A Câmara dos Deputados adiou para depois do Carnaval a votação da urgência e discussão do PL (Projeto de Lei) que trata da regulação concorrencial das plataformas digitais. O texto cria a Superintendência de Mercados Digitais no âmbito do CADE (Conselho Administrativo de Defesa Econômica), que passará a identificar empresas que possuem um papel central e poder de mercado desproporcional no ambiente digital.
Após o presidente da Casa, Hugo Motta (Republicanos-PB), anunciar a votação da urgência ao texto, entidades do setor e frentes parlamentares se manifestaram pelo adiamento.
Em nota, a FPN (Frente Parlamentar pelo Ambiente de Negócios), em conjunto com a Coalizão das Frentes Produtivas, alegou que a ausência de análise técnica, estudos de impacto e debate com os setores afetados compromete a segurança jurídica, a previsibilidade regulatória e o ambiente de negócios.
Já o Conselho Digital, entidade brasileira que representa grandes empresas do setor, a matéria mira nas big techs, mas acerta em todo o ecossistema econômico online e offline. A entidade também alega que o PL permite ao CADE a possibilidade de intervir no modelo de negócio, algoritmos e fluxo de dados.
O que diz o projeto
De acordo com o projeto, o CADE poderá identificar empresas que possuem um papel central e poder de mercado desproporcional no ambiente digital. Serão considerados fatores como presença em múltiplos mercados, poder de mercado associado a efeitos de rede, integração vertical, acesso a grandes volumes de dados e número significativo de usuários.
Além disso, só poderão ser designados grupos econômicos com faturamento bruto anual global superior a R$ 50 bilhões, ou faturamento no Brasil superior a R$ 5 bilhões.
Uma vez designada como de relevância sistêmica, a empresa poderá ser submetida a deveres específicos para promover a concorrência. Entre as possíveis obrigações está a obrigatoriedade de manter escritório no Brasil e representantes legais atualizados.

LEIA O PROJETO NA ÍNTEGRA
Deputado Aliel esclarece que PL “não trata sobre conteúdo das redes sociais” e diz que espalharam “fake news”

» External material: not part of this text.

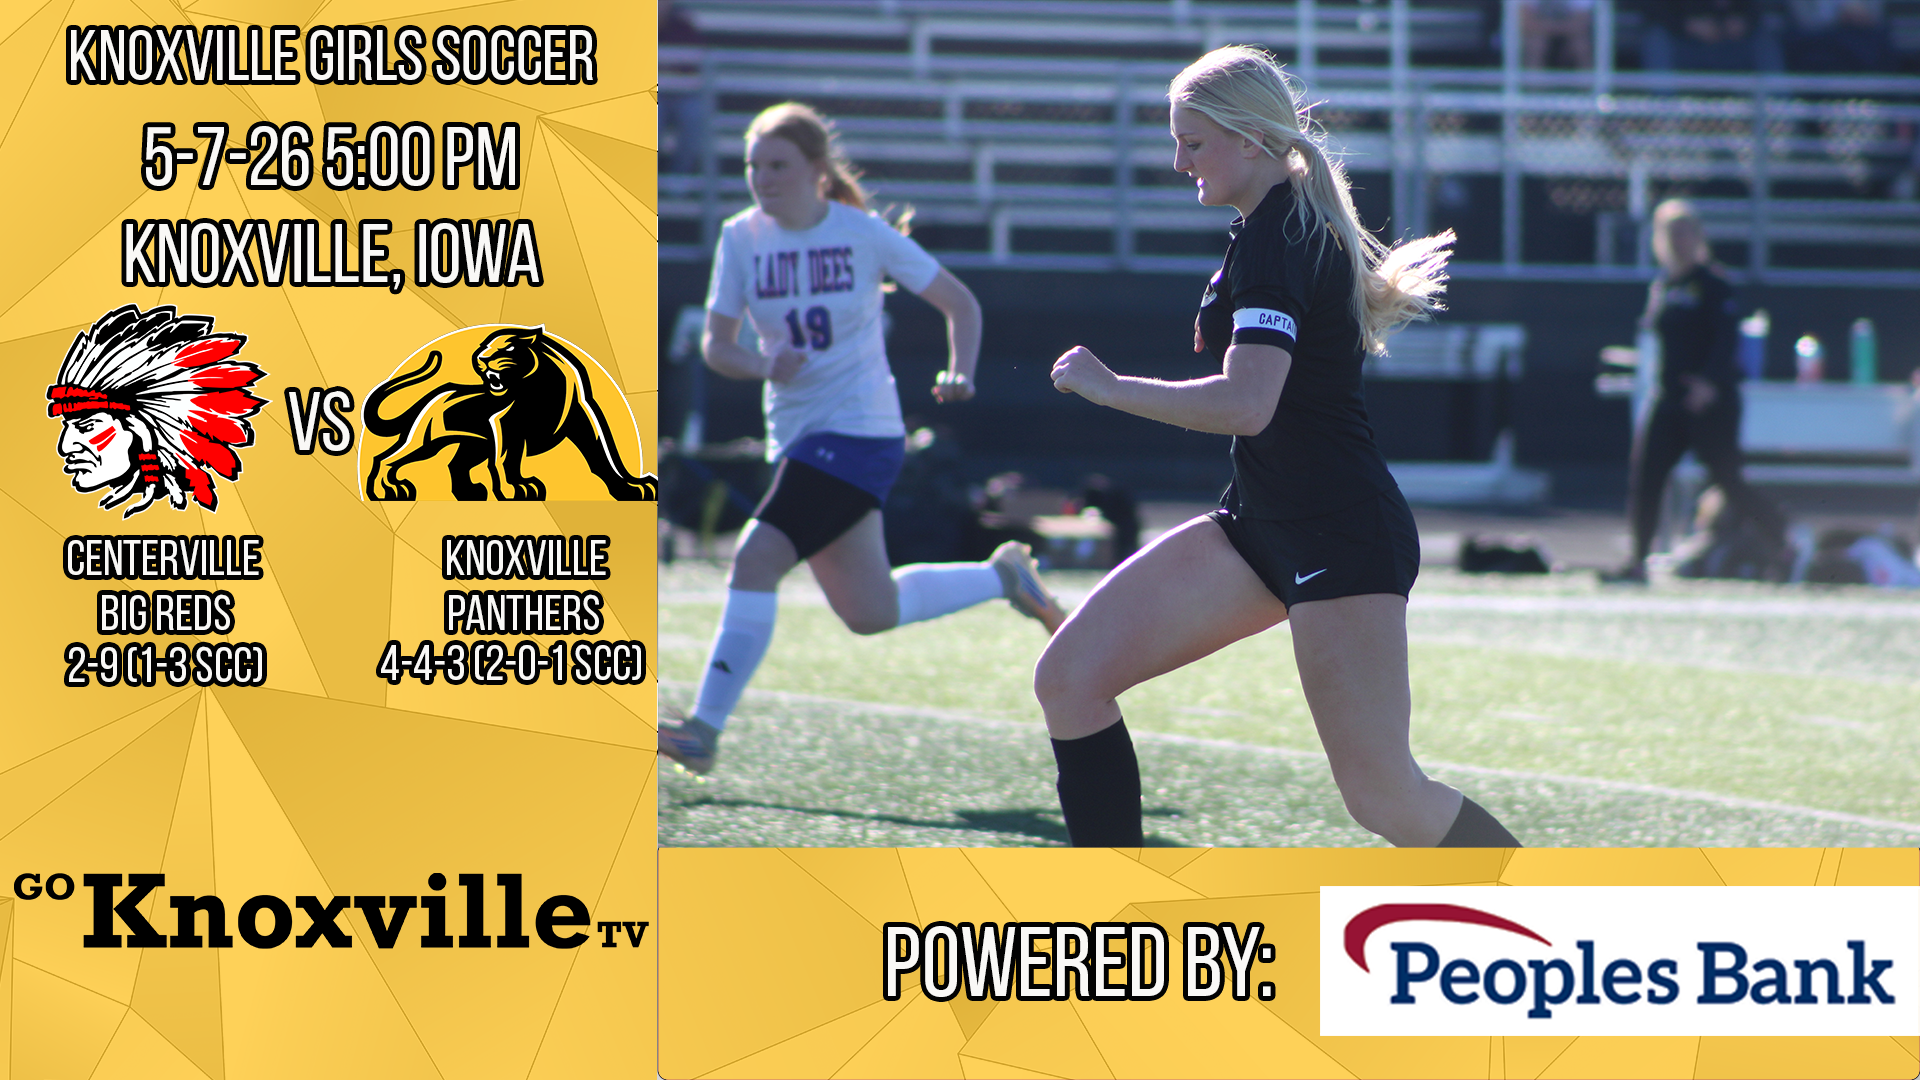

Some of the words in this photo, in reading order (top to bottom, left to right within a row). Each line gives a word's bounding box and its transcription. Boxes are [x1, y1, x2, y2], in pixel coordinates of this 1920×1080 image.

O deputado e relator do projeto, Aliel Machado (PV/PR), esclareceu do que se trata o projeto e lamentou que fake news foram espalhadas.
“Deixando de lado as narrativas e mentiras, em em nenhuma vírgula o PL trata de conteúdo, ele é defendido pelas plataformas e empresários brasileiros contra monopólio, ele cria um instrumento na legislação brasileira para proteger as empresas brasileiras. A respeito do tema, estão circulando informações falsas dizendo que já existe um relatório pronto. Isso não é verdade. Com a aprovação da urgência, a agenda fica aberta ao diálogo, para ouvir todos os setores e construir o melhor texto para o Brasil, com responsabilidade e transparência”. disse Aliel Machado.
Veja a declaração do deputado Aliel
Ex-deputado Deltan foi quem espalhou versão “sobre censura das redes sociais”

O ex-deputado (foi cassado), Deltan Dallagnol (Novo-PR), disse que o “PT vai mandar nas redes sociais” e o que o “projeto é pra acabar com a liberdade de expressão”. Ele também acusou o deputado Aliel Machado de “esconder o relatório final do projeto”.
Deltanfoi cassado do mandato de deputado federal pelo Tribunal Superior Eleitol (TSE), em 2023, devido a uma decisão unânime. Ele pediu exoneração do cargo de procurador do Ministério Público Federal para evitar punições em processos administrativos, o que alega que ele cometeu irregularidade conforme a Lei da Ficha Limpa. A decisão foi baseada na ideia de que sua exoneração foi uma manobra para escapar de processos disciplinares que poderiam resultar em demissão ou aposentadoria compulsória.